Album Review: “Workingman’s Dead” by The Grateful Dead
A Huge Leap For The Dead
After accumulating considerable debt while recording Aoxomoxoa, the Grateful Dead also had to deal with a recent drug bust in New Orleans which could have easily landed them in jail. It was clearly not the best time for the band but working on the “Workingman’s Dead” served as a respite from their mounting stress and frustration. Jerry Garcia even said in an interview, “In midst of all this adverse stuff that was happening … [recording the album] was definitely an upper.”
The Dead were one of the few who sounded so much better live. Their recording sessions couldn’t capture the same energy and magic present in their concerts and extended jams. But surprisingly, they delivered the goods for this album. Compared to their other LPs, this one was more focused.
They used their influences to create rustic and more sublime sounds. Changing their style was a double-edged sword – it could work in their favor or not. There was also the possibility of alienating fans who fell in love with their earlier works. They touched on folk, blues, and country, and they kept it simple. From the harmonies to the arrangements, it was dark but beautiful.
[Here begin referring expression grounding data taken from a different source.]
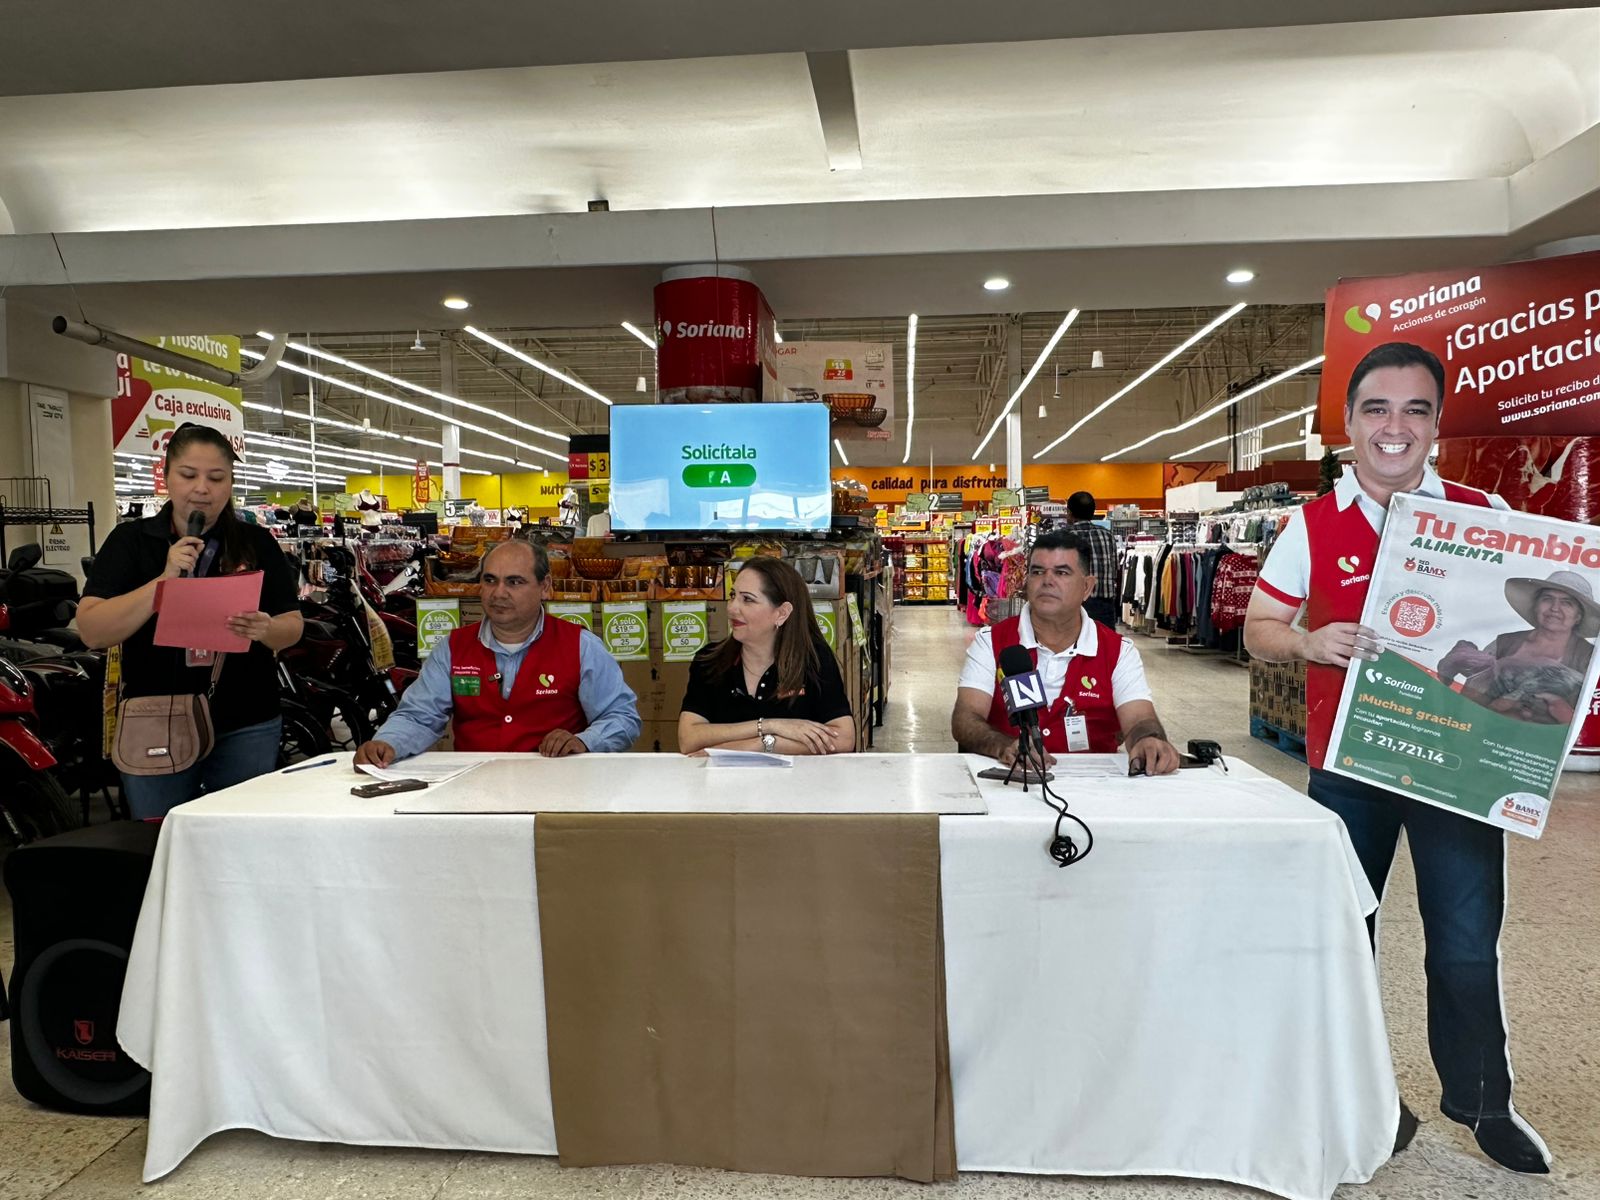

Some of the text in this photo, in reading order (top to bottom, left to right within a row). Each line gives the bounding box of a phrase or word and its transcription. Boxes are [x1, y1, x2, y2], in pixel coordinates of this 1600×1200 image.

[1390, 276, 1480, 318] Soriana
[1393, 297, 1486, 332] Acciones de corazón
[676, 320, 744, 338] Soriana
[1446, 298, 1575, 360] ¡Gracias
[172, 335, 228, 359] nosotros
[1498, 395, 1538, 411] Solicita
[1541, 388, 1552, 400] tu
[1556, 379, 1590, 396] recibo
[155, 394, 232, 422] Caja exclusiva
[682, 443, 756, 460] Solicítala
[872, 476, 913, 490] calidad
[921, 478, 948, 492] para
[928, 493, 940, 510] 2
[1015, 488, 1026, 506] 1
[445, 501, 456, 517] 5
[1413, 511, 1600, 568] Tu cambio
[1410, 536, 1504, 564] ALIMENTA
[1417, 565, 1446, 576] BAMX
[1340, 574, 1370, 586] Soriana
[620, 616, 636, 625] sólo
[680, 638, 690, 646] 50
[536, 688, 558, 696] Soriana
[1079, 690, 1100, 698] Soriana
[1384, 676, 1424, 694] Soriana
[1358, 693, 1472, 732] ¡Muchas gracias!
[1363, 729, 1445, 764] $ 21,721.14
[1515, 804, 1540, 817] BAMX
[56, 1048, 116, 1062] KAISER
Uncle John’s Band is a highlight of the album. The melody and vocal harmonies are reminiscent of Crosby, Stills, Nash & Young which is why purists weren’t too fond of it. Nevertheless, the drumming and guitar work are too stellar to ignore. High Time finds The Dead leaning towards country territory. It’s slow and melancholic and while Garcia’s voice isn’t at par with rock’s greatest singers, his delivery had the right emotion to convey the sadness. Dire Wolf is a twangy number that’s another standout in Workingman’s Dead. It’s quite haunting listening to the words “Don’t murder me” in an uptempo song. New Speedway Boogie has enough edge and attitude to remind us that at the very core, The Dead will always be rockers.
Cumberland Blues has a country flavor with some lovely banjo picking by Garcia. Also, the track is more bluegrass than blues. Black Peter is a slow but pretty powerful ballad. It’s one of the most under-appreciated songs on the album. Pigpen’s raunchy vocals take center stage on Easy Wind. But everything about it is pure magic – the lyrics, the bass playing, the guitar work, drumming, and of course, the harmonica solo. The anthemic Casey Jones is a fan-favorite. Everyone has heard it at least once, even non-Deadheads. While it’s not the best in their catalog, it’s still an essential Dead track.
Workingman’s Dead is a pivotal moment for the Grateful Dead. Although it was overshadowed by the release of its follow-up American Beauty five months later, it’s hard to deny the group’s creativity and musicianship. They could turn their backs on furious and hard-hitting psychedelia and fully embrace acoustic music and they will manage to impress either way.